____ Material provided

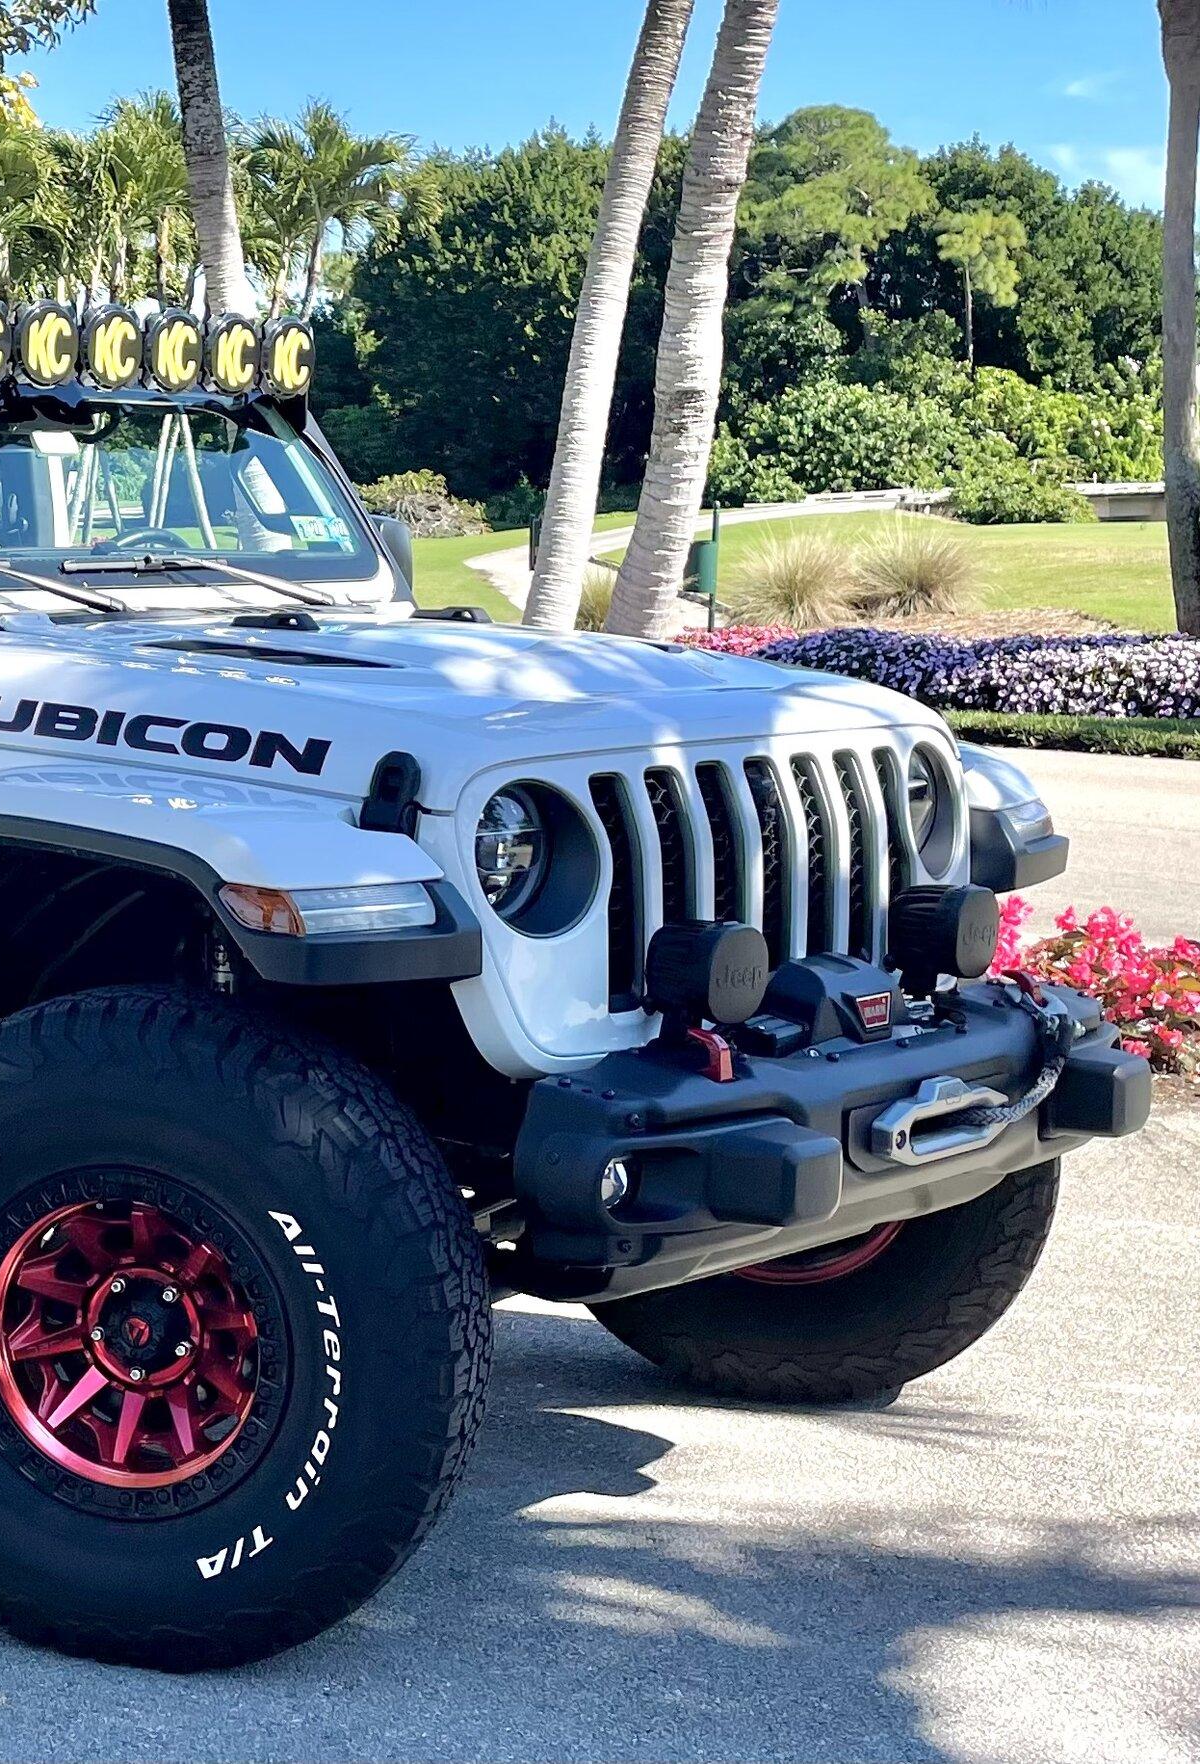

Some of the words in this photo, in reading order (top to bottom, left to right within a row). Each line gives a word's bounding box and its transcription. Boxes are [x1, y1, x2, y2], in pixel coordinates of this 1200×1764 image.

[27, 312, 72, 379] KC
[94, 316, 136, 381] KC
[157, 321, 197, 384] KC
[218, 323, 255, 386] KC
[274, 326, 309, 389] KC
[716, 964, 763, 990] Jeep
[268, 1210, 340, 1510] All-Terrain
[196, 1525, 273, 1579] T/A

________

The entries are to be restated word for word, with pictures omitted.

Exercise answer:
Some of the words in this photo, in reading order (top to bottom, left to right within a row). Each line gives a word's bounding box and its transcription. Boxes are [x1, y1, x2, y2], in pixel coordinates of this 1200×1764 image.

[27, 312, 72, 379] KC
[94, 316, 136, 381] KC
[157, 321, 197, 384] KC
[218, 323, 255, 386] KC
[274, 326, 309, 389] KC
[716, 964, 763, 990] Jeep
[268, 1210, 340, 1510] All-Terrain
[196, 1525, 273, 1579] T/A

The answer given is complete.